— What needs to be done —
Which lines run from the one containing "this 2268×1638 image." to the end of the entries below? Retype exactly those, both ends included.
▼
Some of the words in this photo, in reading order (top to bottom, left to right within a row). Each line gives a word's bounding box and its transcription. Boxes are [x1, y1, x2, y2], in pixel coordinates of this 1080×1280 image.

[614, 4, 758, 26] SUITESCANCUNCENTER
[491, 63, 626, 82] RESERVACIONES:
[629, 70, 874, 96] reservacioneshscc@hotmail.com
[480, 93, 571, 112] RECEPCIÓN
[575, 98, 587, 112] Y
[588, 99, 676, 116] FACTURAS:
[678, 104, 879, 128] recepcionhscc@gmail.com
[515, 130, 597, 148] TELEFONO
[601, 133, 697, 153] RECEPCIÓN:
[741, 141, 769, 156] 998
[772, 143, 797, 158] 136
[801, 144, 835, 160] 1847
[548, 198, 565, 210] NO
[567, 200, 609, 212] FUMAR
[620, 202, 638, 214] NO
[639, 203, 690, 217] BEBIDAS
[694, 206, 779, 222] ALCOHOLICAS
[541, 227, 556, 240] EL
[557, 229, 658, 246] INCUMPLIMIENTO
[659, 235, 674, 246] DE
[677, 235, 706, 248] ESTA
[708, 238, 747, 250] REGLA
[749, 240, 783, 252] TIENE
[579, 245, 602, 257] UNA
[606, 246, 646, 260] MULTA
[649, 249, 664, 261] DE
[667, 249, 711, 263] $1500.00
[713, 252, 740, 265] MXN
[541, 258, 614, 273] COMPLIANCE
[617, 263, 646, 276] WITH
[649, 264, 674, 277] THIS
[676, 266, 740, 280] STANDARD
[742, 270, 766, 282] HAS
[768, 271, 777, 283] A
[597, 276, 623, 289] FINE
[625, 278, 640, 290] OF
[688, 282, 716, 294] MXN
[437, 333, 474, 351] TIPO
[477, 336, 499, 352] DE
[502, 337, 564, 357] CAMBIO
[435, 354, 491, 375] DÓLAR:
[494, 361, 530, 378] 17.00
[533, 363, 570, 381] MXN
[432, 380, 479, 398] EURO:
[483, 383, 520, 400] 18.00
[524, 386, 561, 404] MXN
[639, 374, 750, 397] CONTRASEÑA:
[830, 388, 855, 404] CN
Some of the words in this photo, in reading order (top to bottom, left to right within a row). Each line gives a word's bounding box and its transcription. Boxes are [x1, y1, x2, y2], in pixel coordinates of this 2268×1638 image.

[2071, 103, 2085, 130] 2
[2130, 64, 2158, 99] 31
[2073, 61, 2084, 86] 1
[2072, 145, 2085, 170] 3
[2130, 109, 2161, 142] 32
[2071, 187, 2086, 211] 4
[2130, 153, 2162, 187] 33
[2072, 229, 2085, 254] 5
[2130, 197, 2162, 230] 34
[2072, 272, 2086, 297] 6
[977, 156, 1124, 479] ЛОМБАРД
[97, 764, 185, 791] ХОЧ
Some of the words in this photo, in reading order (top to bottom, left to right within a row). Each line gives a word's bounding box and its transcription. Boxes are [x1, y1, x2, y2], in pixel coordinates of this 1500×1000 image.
▲
— Answer space —
Some of the words in this photo, in reading order (top to bottom, left to right within a row). Each line gives a word's bounding box and its transcription. Boxes are [x1, y1, x2, y2], in pixel coordinates of this 2268×1638 image.

[2071, 103, 2085, 130] 2
[2130, 64, 2158, 99] 31
[2073, 61, 2084, 86] 1
[2072, 145, 2085, 170] 3
[2130, 109, 2161, 142] 32
[2071, 187, 2086, 211] 4
[2130, 153, 2162, 187] 33
[2072, 229, 2085, 254] 5
[2130, 197, 2162, 230] 34
[2072, 272, 2086, 297] 6
[977, 156, 1124, 479] ЛОМБАРД
[97, 764, 185, 791] ХОЧ
Some of the words in this photo, in reading order (top to bottom, left to right within a row). Each line gives a word's bounding box and its transcription. Boxes are [x1, y1, x2, y2], in pixel coordinates of this 1500×1000 image.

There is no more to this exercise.